「初めまして。芸術の教師として赴任したトレヴィルです」
 差し出された手を握った瞬間、奇妙な悪寒が私の背に走った。
「どうかしましたか?」
「いや、なんでもない。私の名はカステルモール。天文学を担当している」
「お会いできて光栄です。カステルモール先生」
 極上の葡萄酒の様な美しい瞳に見詰め返され、私は内心の動揺を押し隠した。
 シュバリエ学園で教鞭を執るようになって、五年目の秋だった。
 肺の病を患って退職した老齢の芸術教師の代わりにやってきた彼は、まだ学生と言っても通りそうな若さだった。繊細な外見に反して気さくな性格らしく、前任者の気難しい性質に些か辟易していた私は、気の合いそうな年下の同僚が出来たことを純粋に喜んだ。
「そちらは奥様ですか」
「ああ」
 しばらく雑談した後、彼はローボードに置かれた肖像画を指さした。
「お綺麗な方ですね」
「ありがとう。実は、今年結婚したばかりでね」
 妻は裕福な商家のひとり娘で、私とは恋愛結婚だった。彼女は私が赴任した年の銃士隊の副隊長で、生徒達の憧れの的だった。そんな彼女が、一回り近く年上の新米教師などに入れ込んだものだから、大変な騒ぎになった。

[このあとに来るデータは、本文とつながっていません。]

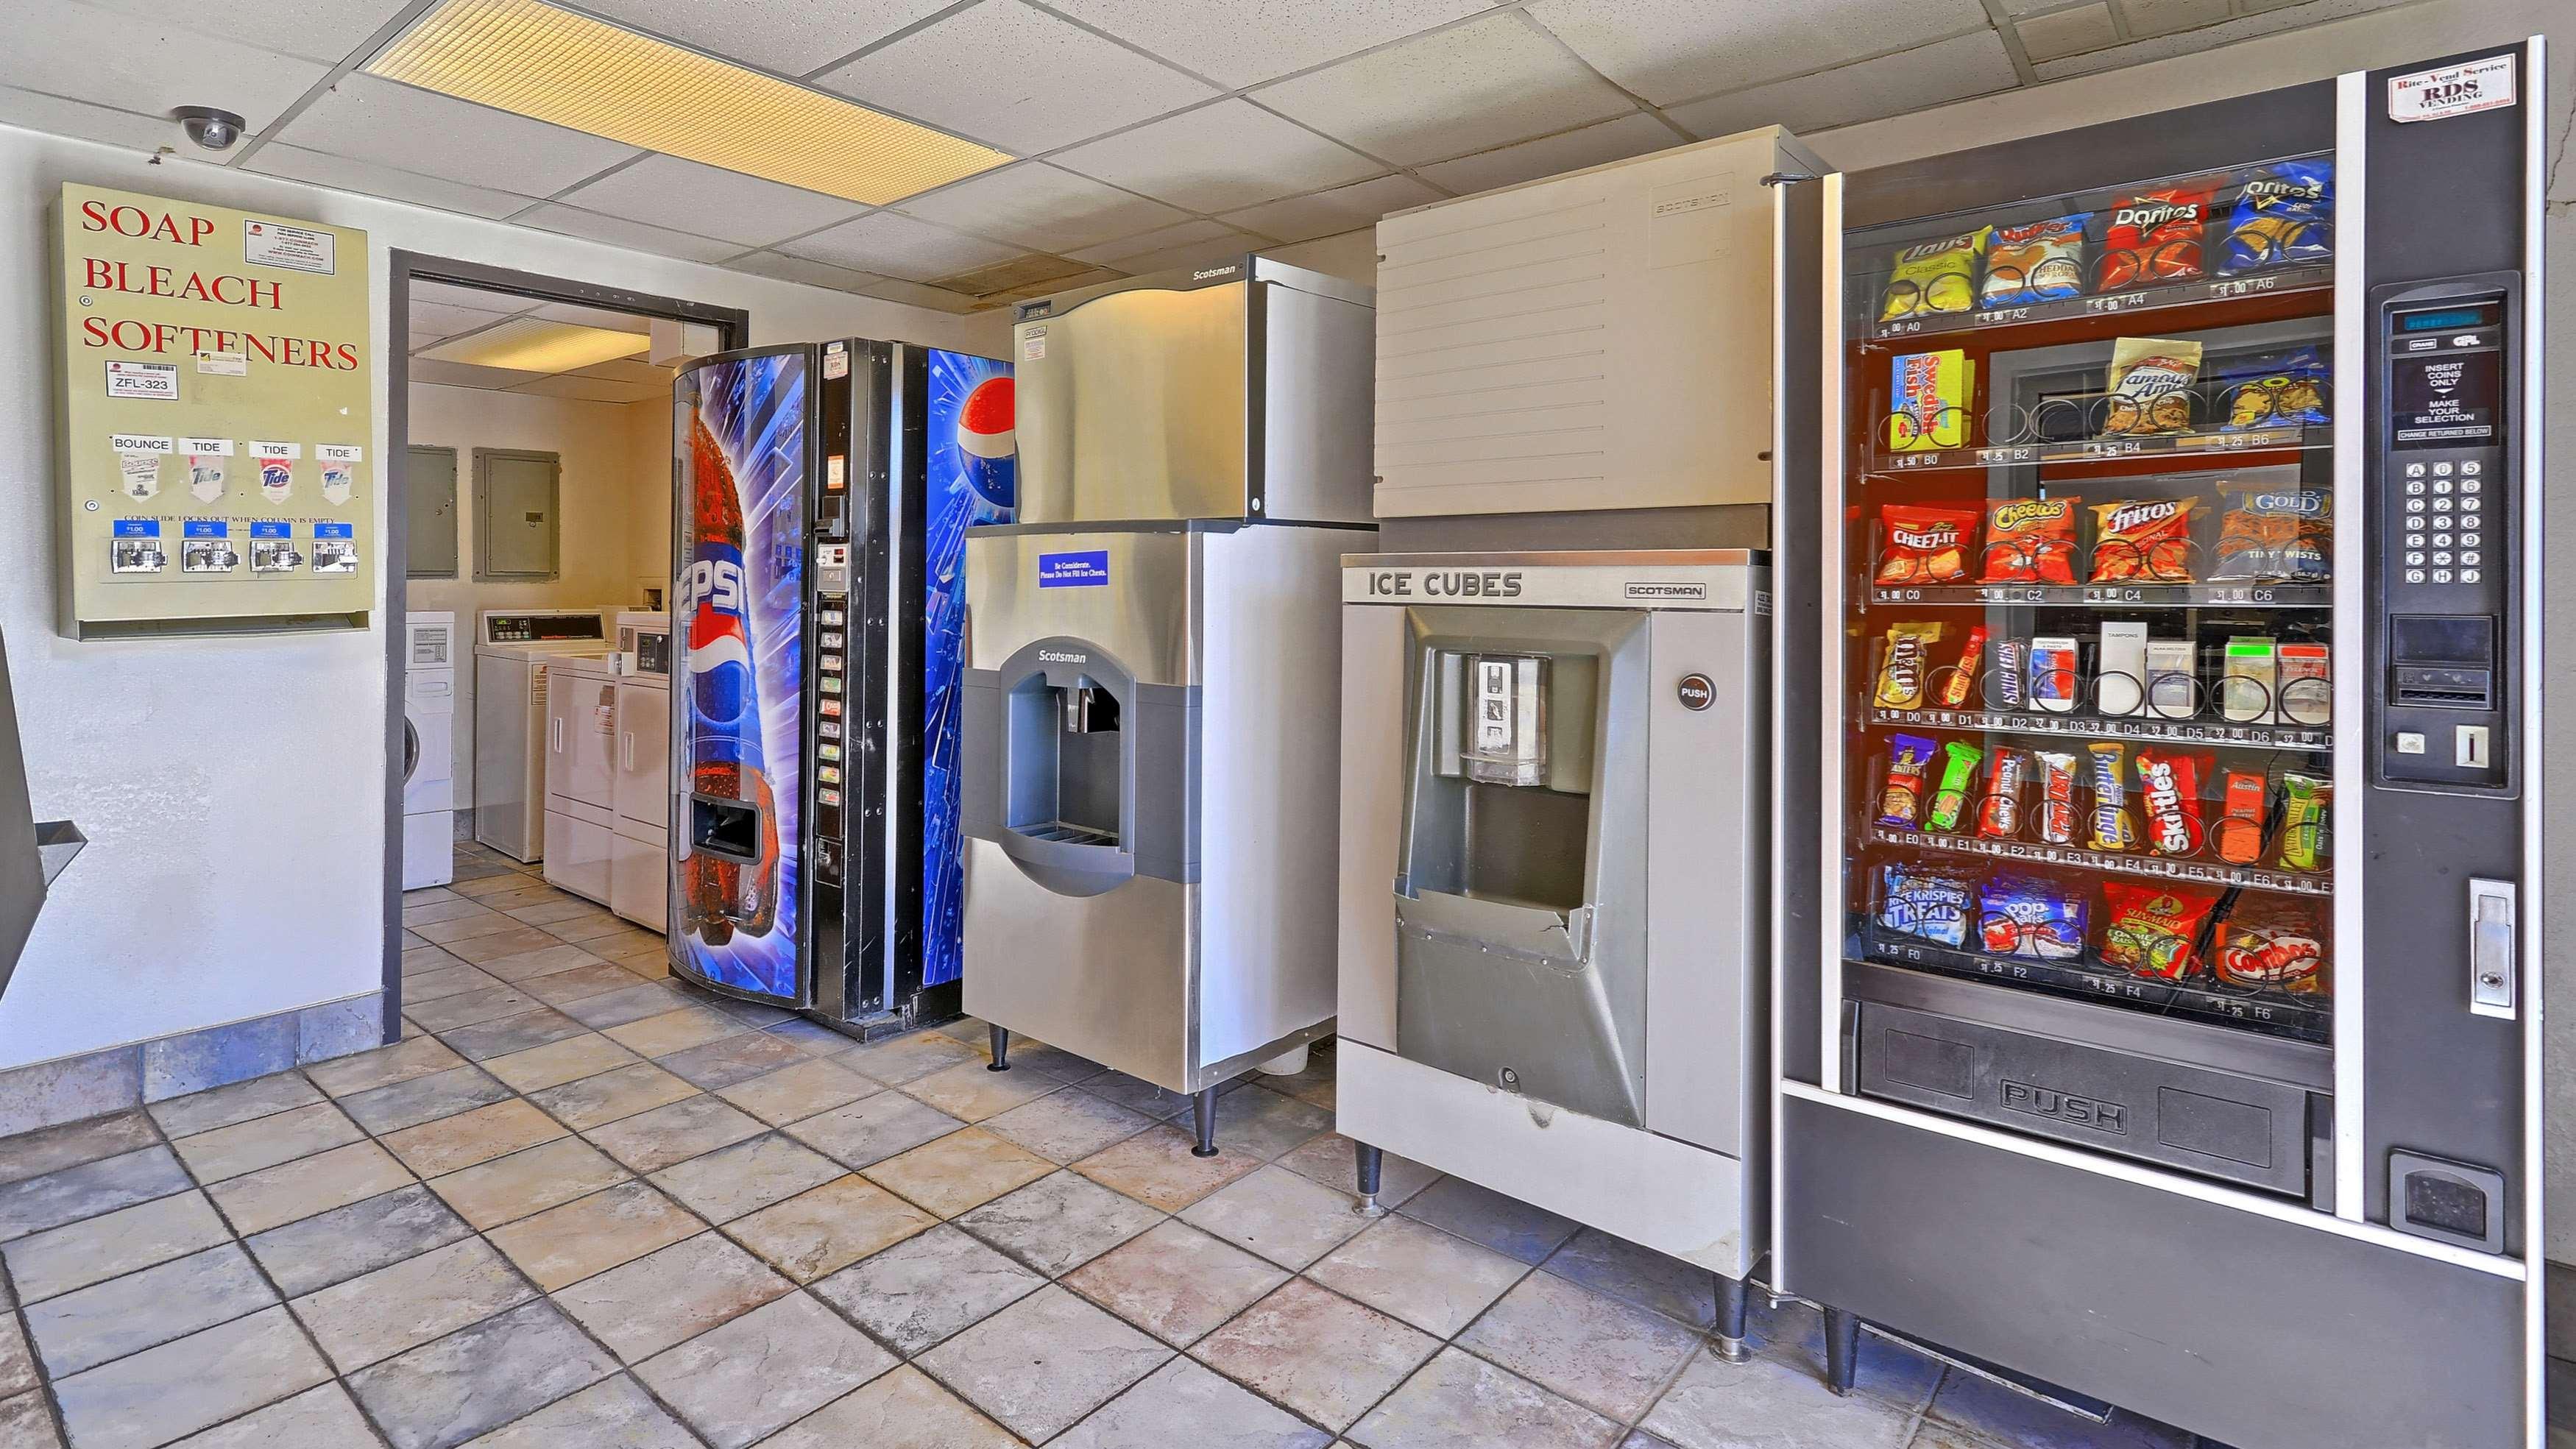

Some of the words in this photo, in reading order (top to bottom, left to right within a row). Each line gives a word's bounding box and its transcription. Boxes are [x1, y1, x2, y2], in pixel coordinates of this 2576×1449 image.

 当時の私はやっと掴んだ就職口を守ることに必死で、彼女の求愛を受け容れるなどもっての他だった。学生にありがちな、年上の男性への憧れによる一時的な感情だと思っていたこともある。だが、彼女の猛烈なアタックは卒業後も続き、五年に及ぶ奮闘の末、私は観念して彼女の手を取るに至った。それが半年前のことだ。
「では、奥様もこの島に?」
「いや。この島は不便だからね。今は実家の商売を手伝っているよ。その代わり、休みには必ず帰るとにしている」
「新婚なのに、大変ですね」
 揶揄うような彼の視線に、私は控えめに微笑した。



 トレヴィルは度々、私の部屋を訪れた。彼は天文学についての造詣が深く、私たちは星図の解釈についてよく議論した。

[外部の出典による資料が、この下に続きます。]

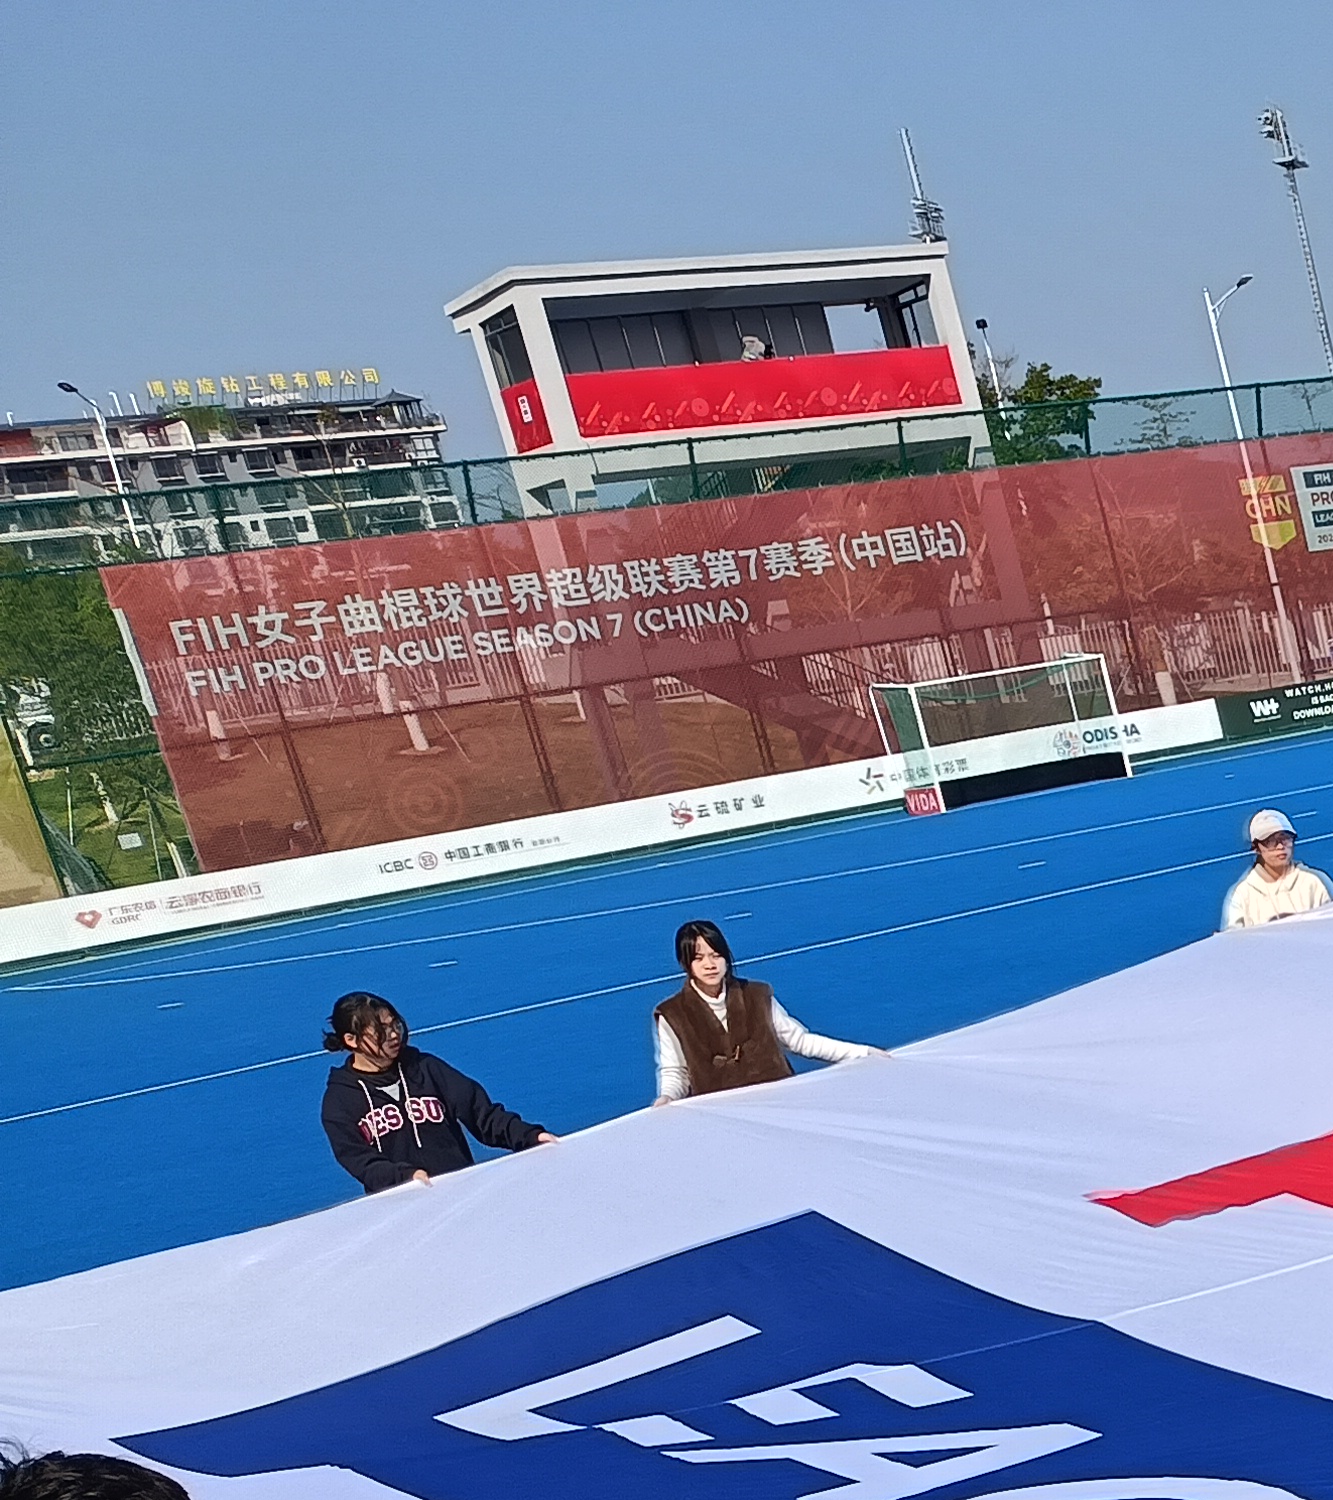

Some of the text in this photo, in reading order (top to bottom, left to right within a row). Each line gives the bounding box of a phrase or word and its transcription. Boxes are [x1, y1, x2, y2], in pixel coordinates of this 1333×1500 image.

[1313, 472, 1331, 485] FIH
[1246, 495, 1292, 519] CHN
[185, 597, 750, 697] FIH PRO LEAGUE SEASON 7 (CHINA)
[906, 792, 938, 811] VIDA
[444, 838, 524, 862] 中国工商银行
[379, 858, 414, 874] ICBC

 議論は放課後に止まらず、深夜に及ぶ時もあった。そう言うときは大抵パトリックを交えて酒を呑みながらの雑談に変わっていった。
 酒の合間の冗談に、私は何度か彼に言った事がある。
「それほどまでに詳しいなら、私が休みの時に代わりに授業をしてもらおうか?」
「またまた。私のは趣味止まりですから、他人に教えるのには向きませんよ」
 到底趣味止まりの知識では無かったが、そこは立ち入って聞くような雰囲気ではなく、私は黙って酒杯を傾けた。

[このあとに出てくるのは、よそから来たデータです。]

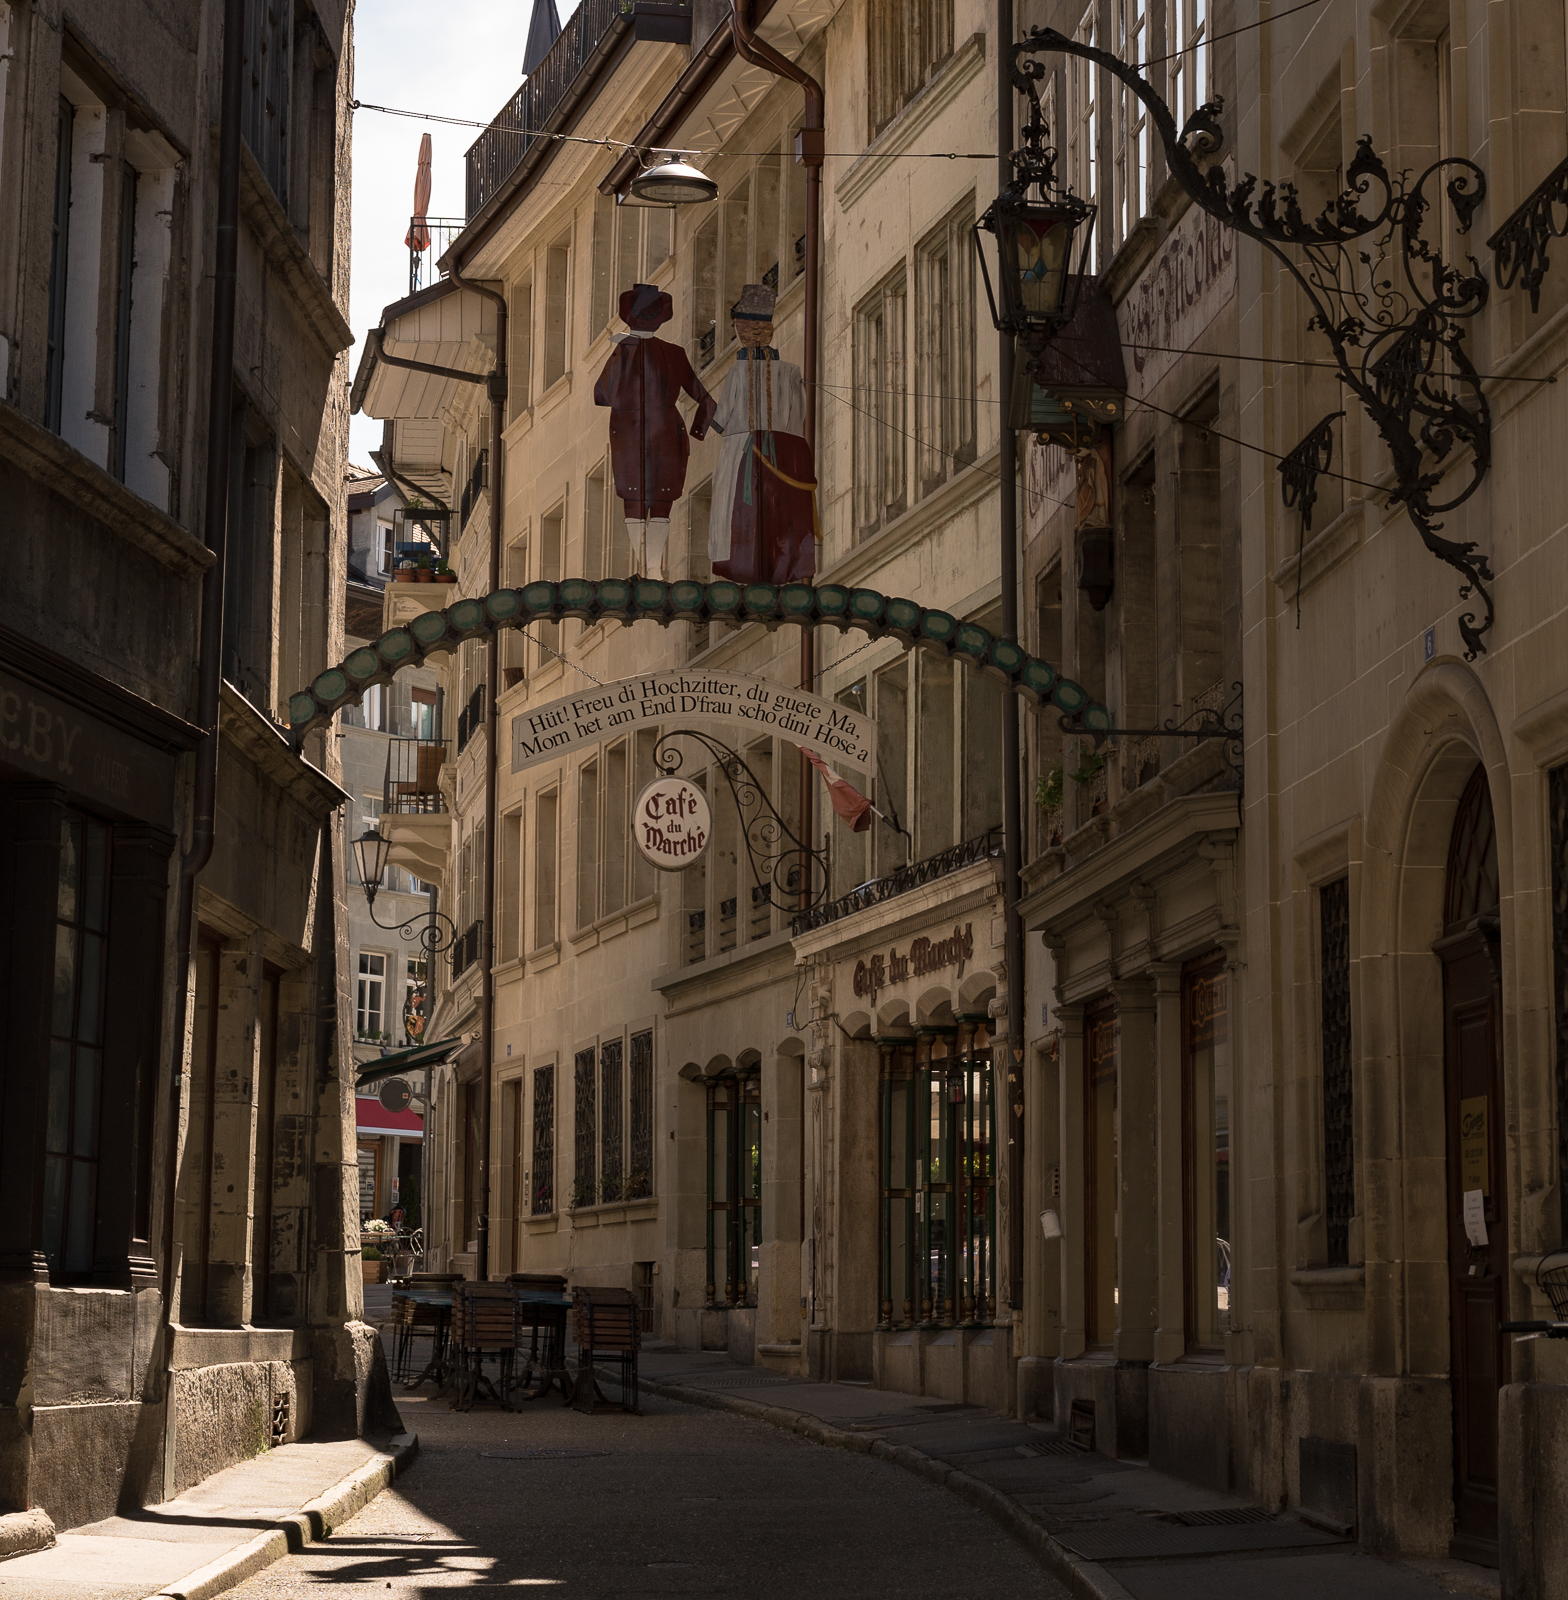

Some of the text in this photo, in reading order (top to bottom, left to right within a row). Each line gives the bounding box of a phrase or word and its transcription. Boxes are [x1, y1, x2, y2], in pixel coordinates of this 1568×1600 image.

「趣味…というより、ライフワークと言った方がいいかも知れません」
 真夜中のエトワールの降るような冬の星空を眺めながら、彼は独り言のように呟いた。その真紅の瞳が見詰める先はあまりに遠く、私は一瞬、彼がひどく年老いた男のように見えた。普段から、彼には年齢にそぐわぬ老獪さが見え隠れする事があったが、この時ほど彼が別人のように見えたことはない。
 過ぎ去った情熱を再び取り戻そうとする執念のようなものが、その双眸に暗く燃えていた。